Hedge fund Och-Ziff has agreed to pay $413 million fines to U.S. regulators after a subsidiary was charged with paying bribes to government officials in several African nations.
Chief Executive Daniel Och will pay a $2.2 million fine.
According to the Securities and Exchange Commission, Och-Ziff used intermediaries, agents, and business partners to pay bribes to high-level officials in Libya, Chad, Niger, Guinea, and the Democratic Republic of the Congo to induce them to invest in its managed funds, as well as secure mining rights.

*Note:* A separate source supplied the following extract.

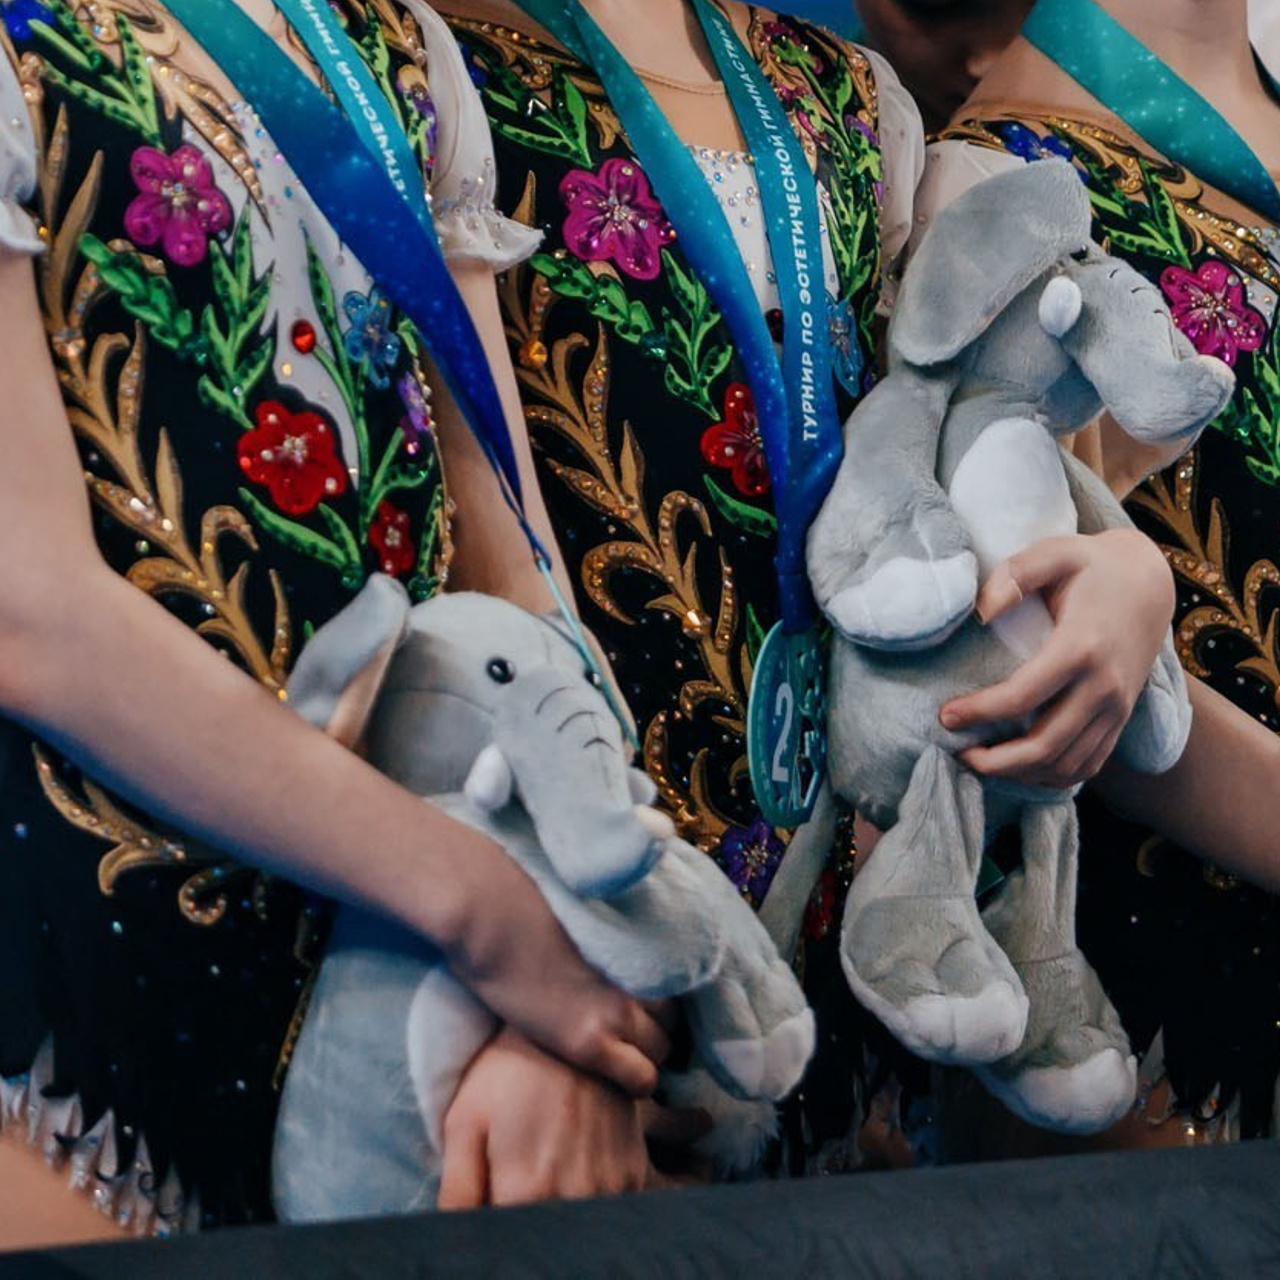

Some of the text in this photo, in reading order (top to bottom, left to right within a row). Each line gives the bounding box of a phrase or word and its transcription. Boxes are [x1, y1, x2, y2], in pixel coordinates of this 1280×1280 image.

[768, 134, 813, 306] ЭСТЕТИЧЕСКОЙ
[801, 311, 814, 346] ПО
[801, 351, 819, 442] ТУРНИР
[771, 681, 794, 783] 2

The settlement is one of the biggest criminal penalties levied on a United States hedge fund firm, dealing a blow to Och-Ziff as it works to stem withdrawals from its investors, which include state pension funds, endowments and foundations.
The court filings by federal prosecutors and securities regulators lay out a complex and elaborate tale of clandestine meetings and dealings with high-level officials in the regimes of Muammar el-Qaddafi in Libya and President Robert Mugabe in Zimbabwe. In one instance, Och-Ziff knowingly invested in a Libyan development project in which some members of the Qaddafi family had a financial interest.
“Senior executives cannot turn a blind eye to the acts of their employees or agents when they became aware of suspicious transactions with high-risk partners in foreign countries,” said Andrew Ceresney, director of the S.E.C.’s division of enforcement.